After a decoy blew away in a particularly strong series of gusts I figured it was time to come in.
Winds gusting to 30 MPH - I need a Plan B.
Strong winds make turkey hunting particularly difficult. The birds cannot hear me and I cannot hear them.
Back to the field. This time with a really loud box call and a notion to move my set-up depending upon conditions.
By mid-afternoon I moved my blind to a location better suited to the windy conditions and at the confluence of two wide fire-breaks. An east-west trail that stretches a quarter mile from property line to property line and a north-south trail that winds its way thru the trees. My theory is that any turkeys crossing the property from most any given compass direction (and within their keen eyesight of the decoys) will spot the two rubber hens situated in the intersection. My blind is twenty paces to the southwest.
VERY quiet afternoon. About 90 minutes before shooting time ended I got some responses to my calling. Twice. Nobody reveals themselves.
If you spend enough time turkey hunting you learn very quickly that gobblers are periodically going to hang-up.
He's going to stop somewhere short of your range and not move-in close enough for a shot.
Who knows what's going thru his little head. Maybe he's got a good start on his harem or maybe he's playing hard-to-get and waiting for your rubber hen to come to him.
When this happens I usually try my most seductive purrs and clucks in an attempt to lure him in. Sometimes it works - sometimes it doesn't.
Failing that I stop calling and wait. And wait. This is absolutely the hardest thing to do, Sometimes curiosity gets the better of the bird and the hunter scores. Sometimes not.
Turkey hunters are a patient sort.
By the way it has begun to rain steadily.
Up at 4:15 AM to thunder and a steady rain.
I give a passing thought to crawling back into bed until the weather clears. Naw. Layer-up. That's why the good people at DuPont invented Gore-Tex.
As bad as the conditions are I opt to leave the bow behind and take my trusty Mossberg 12 ga. turkey gun instead.
Along with a couple of these.
Except for the thunder it is quiet. This low pressure system even shut-down the frog chorus. Not a peep or a croak.
Funny how every time a rumble rolls out of the sky the gobblers all sound-off.
Pretty soon the sun comes-up and the rain pauses. The chickadees and goldfinches are chirping. Cheeseburger and potato chip!
I catch some stray gobbles but nothing doing.
About 8:30 a lone hen sashays past my decoys.
An hour later a gobble to the west. I reply with a few yelps. I get gobbling in return.
Hard to tell how far away in the fog.
I yelp - he gobbles.
Closer this time.
The gobbles are getting much closer.
I switch to soft purrs and clucks - then shut-up.

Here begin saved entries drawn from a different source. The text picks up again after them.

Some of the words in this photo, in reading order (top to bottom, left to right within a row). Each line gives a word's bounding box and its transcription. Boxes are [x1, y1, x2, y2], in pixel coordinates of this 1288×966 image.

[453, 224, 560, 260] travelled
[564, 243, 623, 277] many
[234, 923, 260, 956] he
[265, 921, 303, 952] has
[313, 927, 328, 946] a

Mr. Tom comes into view at about 200 yards - in full strut.
He stays out there for the longest time pirouetting and showing-off.

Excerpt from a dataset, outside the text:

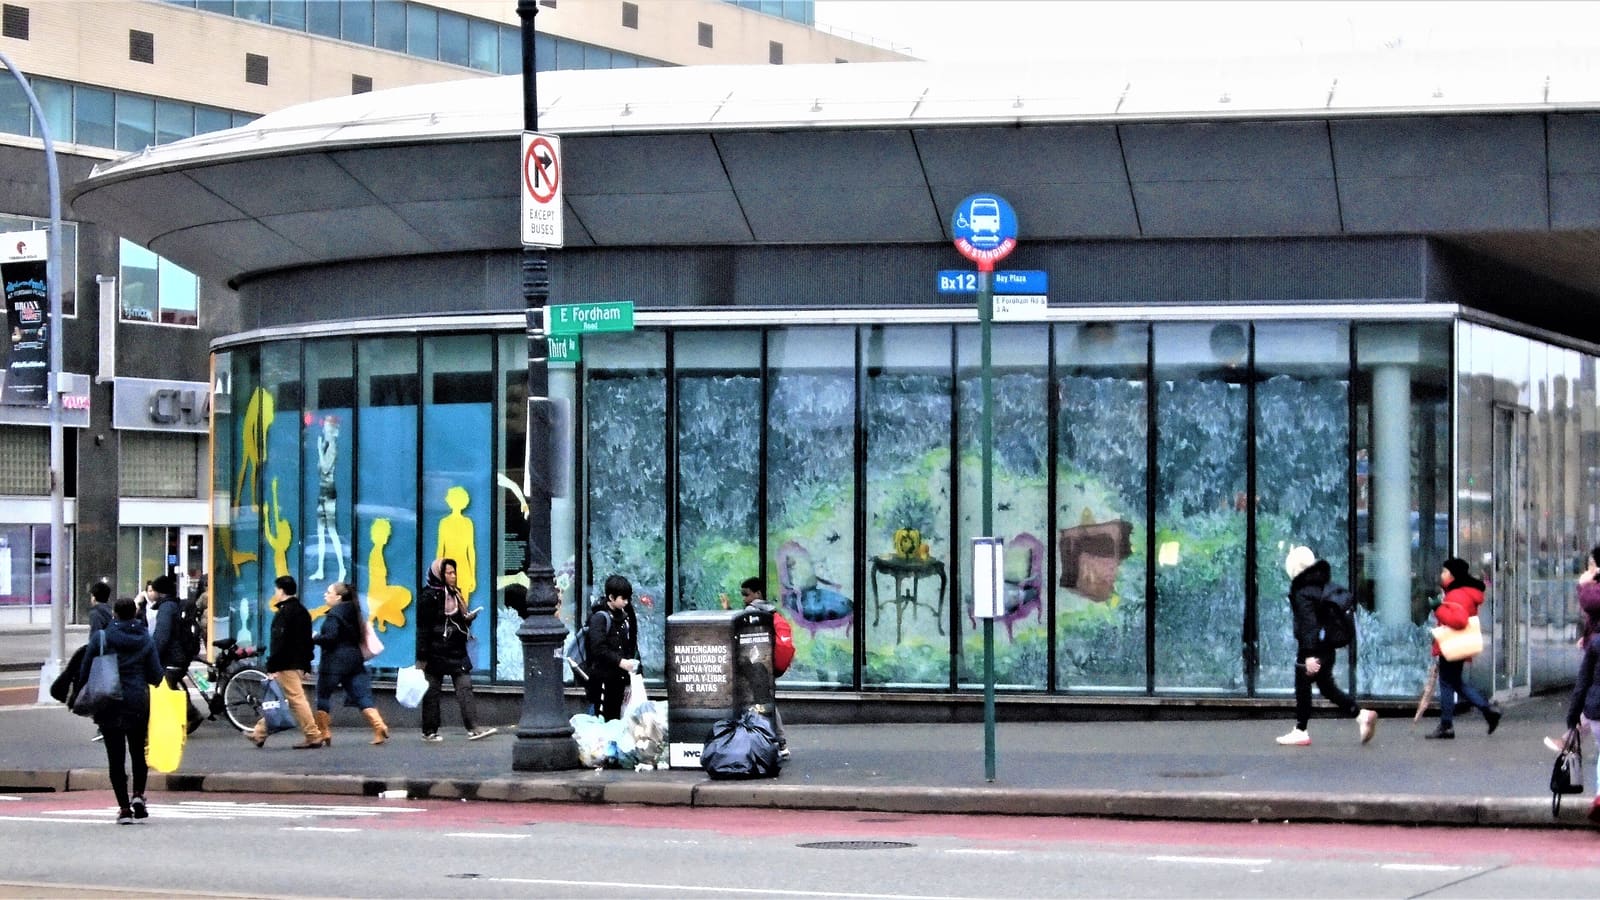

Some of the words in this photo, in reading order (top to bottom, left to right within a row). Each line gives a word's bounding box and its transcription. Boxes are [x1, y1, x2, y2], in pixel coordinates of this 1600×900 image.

Against my better judgment I give him some come-hither purrs and clucks.
Closer he comes.
Accompanying him is a hen.
The real hen approaches my decoys.
This is a really good turn of events. He follows.
I raise my Mossberg. Draw a bead on the bird. Give him one last cluck. As he extends his head and gobbles...
10:20 AM Bird down.
I call my lovely bride with the news and she and girlfriend arrive for picture time.
He's a dandy. Twenty-three pounds (a bit on the light side but its been a tough winter), 9 inch beard and 3/4 inch spurs.
Ready for the freezer and some terrific eating sometime later this year.
As I'm plucking my bird the thunder and monsoons have returned.